== Collected data ==
- - - - - - -
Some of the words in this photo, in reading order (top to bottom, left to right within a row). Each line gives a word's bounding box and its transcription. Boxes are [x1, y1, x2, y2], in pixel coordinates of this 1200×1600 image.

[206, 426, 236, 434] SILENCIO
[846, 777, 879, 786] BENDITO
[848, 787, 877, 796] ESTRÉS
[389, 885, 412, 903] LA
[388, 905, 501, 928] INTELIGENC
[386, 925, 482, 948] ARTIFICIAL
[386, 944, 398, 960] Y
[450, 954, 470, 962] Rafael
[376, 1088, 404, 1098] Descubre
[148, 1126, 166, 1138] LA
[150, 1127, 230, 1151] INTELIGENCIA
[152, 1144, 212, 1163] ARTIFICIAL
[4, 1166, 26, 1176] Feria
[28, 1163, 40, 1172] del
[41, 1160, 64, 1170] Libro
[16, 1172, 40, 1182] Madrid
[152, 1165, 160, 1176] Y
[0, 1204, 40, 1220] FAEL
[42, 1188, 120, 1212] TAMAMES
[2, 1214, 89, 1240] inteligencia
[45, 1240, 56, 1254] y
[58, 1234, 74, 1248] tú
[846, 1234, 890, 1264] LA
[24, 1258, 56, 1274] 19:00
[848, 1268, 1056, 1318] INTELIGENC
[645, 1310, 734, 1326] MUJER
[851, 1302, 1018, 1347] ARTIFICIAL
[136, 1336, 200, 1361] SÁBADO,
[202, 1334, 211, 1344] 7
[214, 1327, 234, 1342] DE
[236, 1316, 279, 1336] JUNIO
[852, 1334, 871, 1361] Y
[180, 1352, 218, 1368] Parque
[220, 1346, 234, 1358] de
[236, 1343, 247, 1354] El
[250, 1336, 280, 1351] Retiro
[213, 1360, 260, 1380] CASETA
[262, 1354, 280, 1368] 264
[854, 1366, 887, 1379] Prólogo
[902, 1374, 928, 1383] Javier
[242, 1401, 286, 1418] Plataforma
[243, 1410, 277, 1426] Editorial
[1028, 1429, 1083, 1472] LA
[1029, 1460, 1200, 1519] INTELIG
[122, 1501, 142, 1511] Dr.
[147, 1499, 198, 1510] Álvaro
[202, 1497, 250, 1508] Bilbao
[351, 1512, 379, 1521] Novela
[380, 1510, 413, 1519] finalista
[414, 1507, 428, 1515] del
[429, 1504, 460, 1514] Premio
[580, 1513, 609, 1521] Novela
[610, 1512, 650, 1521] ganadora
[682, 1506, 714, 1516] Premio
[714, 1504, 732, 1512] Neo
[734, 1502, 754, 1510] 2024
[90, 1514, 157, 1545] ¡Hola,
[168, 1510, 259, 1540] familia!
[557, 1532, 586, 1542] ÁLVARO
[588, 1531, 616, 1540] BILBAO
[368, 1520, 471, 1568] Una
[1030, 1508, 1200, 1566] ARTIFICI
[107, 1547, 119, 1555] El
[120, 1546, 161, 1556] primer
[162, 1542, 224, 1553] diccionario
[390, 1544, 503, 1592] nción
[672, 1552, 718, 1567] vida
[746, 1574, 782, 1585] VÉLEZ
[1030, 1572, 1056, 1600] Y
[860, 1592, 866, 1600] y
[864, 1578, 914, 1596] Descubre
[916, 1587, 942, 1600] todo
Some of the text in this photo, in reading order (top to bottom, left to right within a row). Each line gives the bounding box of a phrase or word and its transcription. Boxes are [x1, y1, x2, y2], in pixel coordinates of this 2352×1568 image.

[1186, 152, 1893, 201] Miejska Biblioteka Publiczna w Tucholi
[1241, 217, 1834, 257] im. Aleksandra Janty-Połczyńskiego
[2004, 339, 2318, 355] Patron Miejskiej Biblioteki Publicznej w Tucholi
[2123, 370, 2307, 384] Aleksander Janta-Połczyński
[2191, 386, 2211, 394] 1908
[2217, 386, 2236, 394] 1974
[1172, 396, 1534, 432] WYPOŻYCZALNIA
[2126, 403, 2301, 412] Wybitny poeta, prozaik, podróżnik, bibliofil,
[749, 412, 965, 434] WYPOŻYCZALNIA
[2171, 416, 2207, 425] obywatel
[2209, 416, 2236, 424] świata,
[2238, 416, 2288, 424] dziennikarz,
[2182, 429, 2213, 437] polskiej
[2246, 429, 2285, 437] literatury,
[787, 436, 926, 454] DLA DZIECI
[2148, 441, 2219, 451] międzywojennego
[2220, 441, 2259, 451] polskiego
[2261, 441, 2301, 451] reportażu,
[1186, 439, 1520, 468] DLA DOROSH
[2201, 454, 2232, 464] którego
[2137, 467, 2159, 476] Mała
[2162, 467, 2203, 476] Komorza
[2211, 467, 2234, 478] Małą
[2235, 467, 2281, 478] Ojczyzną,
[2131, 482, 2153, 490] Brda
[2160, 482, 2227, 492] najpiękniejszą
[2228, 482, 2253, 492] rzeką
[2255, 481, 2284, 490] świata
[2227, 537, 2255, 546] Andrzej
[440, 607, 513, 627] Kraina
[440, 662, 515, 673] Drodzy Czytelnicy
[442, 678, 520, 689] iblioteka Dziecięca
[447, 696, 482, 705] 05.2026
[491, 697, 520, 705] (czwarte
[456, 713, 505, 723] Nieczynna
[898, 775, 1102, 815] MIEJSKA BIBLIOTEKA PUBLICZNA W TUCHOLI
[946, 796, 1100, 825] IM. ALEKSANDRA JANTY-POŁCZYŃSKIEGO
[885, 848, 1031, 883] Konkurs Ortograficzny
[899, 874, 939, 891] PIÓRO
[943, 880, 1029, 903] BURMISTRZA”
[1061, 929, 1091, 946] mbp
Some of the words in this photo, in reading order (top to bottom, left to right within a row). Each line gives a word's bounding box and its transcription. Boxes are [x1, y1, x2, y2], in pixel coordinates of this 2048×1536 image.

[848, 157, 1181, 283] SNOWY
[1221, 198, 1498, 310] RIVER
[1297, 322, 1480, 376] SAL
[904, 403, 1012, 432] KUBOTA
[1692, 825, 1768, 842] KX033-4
- - - - - - -
== TASK BRIEF ==
Reproduce the entries so that each line reads exactly as it did before.

== WRITTEN RESPONSE ==
Some of the words in this photo, in reading order (top to bottom, left to right within a row). Each line gives a word's bounding box and its transcription. Boxes are [x1, y1, x2, y2], in pixel coordinates of this 1200×1600 image.

[206, 426, 236, 434] SILENCIO
[846, 777, 879, 786] BENDITO
[848, 787, 877, 796] ESTRÉS
[389, 885, 412, 903] LA
[388, 905, 501, 928] INTELIGENC
[386, 925, 482, 948] ARTIFICIAL
[386, 944, 398, 960] Y
[450, 954, 470, 962] Rafael
[376, 1088, 404, 1098] Descubre
[148, 1126, 166, 1138] LA
[150, 1127, 230, 1151] INTELIGENCIA
[152, 1144, 212, 1163] ARTIFICIAL
[4, 1166, 26, 1176] Feria
[28, 1163, 40, 1172] del
[41, 1160, 64, 1170] Libro
[16, 1172, 40, 1182] Madrid
[152, 1165, 160, 1176] Y
[0, 1204, 40, 1220] FAEL
[42, 1188, 120, 1212] TAMAMES
[2, 1214, 89, 1240] inteligencia
[45, 1240, 56, 1254] y
[58, 1234, 74, 1248] tú
[846, 1234, 890, 1264] LA
[24, 1258, 56, 1274] 19:00
[848, 1268, 1056, 1318] INTELIGENC
[645, 1310, 734, 1326] MUJER
[851, 1302, 1018, 1347] ARTIFICIAL
[136, 1336, 200, 1361] SÁBADO,
[202, 1334, 211, 1344] 7
[214, 1327, 234, 1342] DE
[236, 1316, 279, 1336] JUNIO
[852, 1334, 871, 1361] Y
[180, 1352, 218, 1368] Parque
[220, 1346, 234, 1358] de
[236, 1343, 247, 1354] El
[250, 1336, 280, 1351] Retiro
[213, 1360, 260, 1380] CASETA
[262, 1354, 280, 1368] 264
[854, 1366, 887, 1379] Prólogo
[902, 1374, 928, 1383] Javier
[242, 1401, 286, 1418] Plataforma
[243, 1410, 277, 1426] Editorial
[1028, 1429, 1083, 1472] LA
[1029, 1460, 1200, 1519] INTELIG
[122, 1501, 142, 1511] Dr.
[147, 1499, 198, 1510] Álvaro
[202, 1497, 250, 1508] Bilbao
[351, 1512, 379, 1521] Novela
[380, 1510, 413, 1519] finalista
[414, 1507, 428, 1515] del
[429, 1504, 460, 1514] Premio
[580, 1513, 609, 1521] Novela
[610, 1512, 650, 1521] ganadora
[682, 1506, 714, 1516] Premio
[714, 1504, 732, 1512] Neo
[734, 1502, 754, 1510] 2024
[90, 1514, 157, 1545] ¡Hola,
[168, 1510, 259, 1540] familia!
[557, 1532, 586, 1542] ÁLVARO
[588, 1531, 616, 1540] BILBAO
[368, 1520, 471, 1568] Una
[1030, 1508, 1200, 1566] ARTIFICI
[107, 1547, 119, 1555] El
[120, 1546, 161, 1556] primer
[162, 1542, 224, 1553] diccionario
[390, 1544, 503, 1592] nción
[672, 1552, 718, 1567] vida
[746, 1574, 782, 1585] VÉLEZ
[1030, 1572, 1056, 1600] Y
[860, 1592, 866, 1600] y
[864, 1578, 914, 1596] Descubre
[916, 1587, 942, 1600] todo
Some of the text in this photo, in reading order (top to bottom, left to right within a row). Each line gives the bounding box of a phrase or word and its transcription. Boxes are [x1, y1, x2, y2], in pixel coordinates of this 2352×1568 image.

[1186, 152, 1893, 201] Miejska Biblioteka Publiczna w Tucholi
[1241, 217, 1834, 257] im. Aleksandra Janty-Połczyńskiego
[2004, 339, 2318, 355] Patron Miejskiej Biblioteki Publicznej w Tucholi
[2123, 370, 2307, 384] Aleksander Janta-Połczyński
[2191, 386, 2211, 394] 1908
[2217, 386, 2236, 394] 1974
[1172, 396, 1534, 432] WYPOŻYCZALNIA
[2126, 403, 2301, 412] Wybitny poeta, prozaik, podróżnik, bibliofil,
[749, 412, 965, 434] WYPOŻYCZALNIA
[2171, 416, 2207, 425] obywatel
[2209, 416, 2236, 424] świata,
[2238, 416, 2288, 424] dziennikarz,
[2182, 429, 2213, 437] polskiej
[2246, 429, 2285, 437] literatury,
[787, 436, 926, 454] DLA DZIECI
[2148, 441, 2219, 451] międzywojennego
[2220, 441, 2259, 451] polskiego
[2261, 441, 2301, 451] reportażu,
[1186, 439, 1520, 468] DLA DOROSH
[2201, 454, 2232, 464] którego
[2137, 467, 2159, 476] Mała
[2162, 467, 2203, 476] Komorza
[2211, 467, 2234, 478] Małą
[2235, 467, 2281, 478] Ojczyzną,
[2131, 482, 2153, 490] Brda
[2160, 482, 2227, 492] najpiękniejszą
[2228, 482, 2253, 492] rzeką
[2255, 481, 2284, 490] świata
[2227, 537, 2255, 546] Andrzej
[440, 607, 513, 627] Kraina
[440, 662, 515, 673] Drodzy Czytelnicy
[442, 678, 520, 689] iblioteka Dziecięca
[447, 696, 482, 705] 05.2026
[491, 697, 520, 705] (czwarte
[456, 713, 505, 723] Nieczynna
[898, 775, 1102, 815] MIEJSKA BIBLIOTEKA PUBLICZNA W TUCHOLI
[946, 796, 1100, 825] IM. ALEKSANDRA JANTY-POŁCZYŃSKIEGO
[885, 848, 1031, 883] Konkurs Ortograficzny
[899, 874, 939, 891] PIÓRO
[943, 880, 1029, 903] BURMISTRZA”
[1061, 929, 1091, 946] mbp
Some of the words in this photo, in reading order (top to bottom, left to right within a row). Each line gives a word's bounding box and its transcription. Boxes are [x1, y1, x2, y2], in pixel coordinates of this 2048×1536 image.

[848, 157, 1181, 283] SNOWY
[1221, 198, 1498, 310] RIVER
[1297, 322, 1480, 376] SAL
[904, 403, 1012, 432] KUBOTA
[1692, 825, 1768, 842] KX033-4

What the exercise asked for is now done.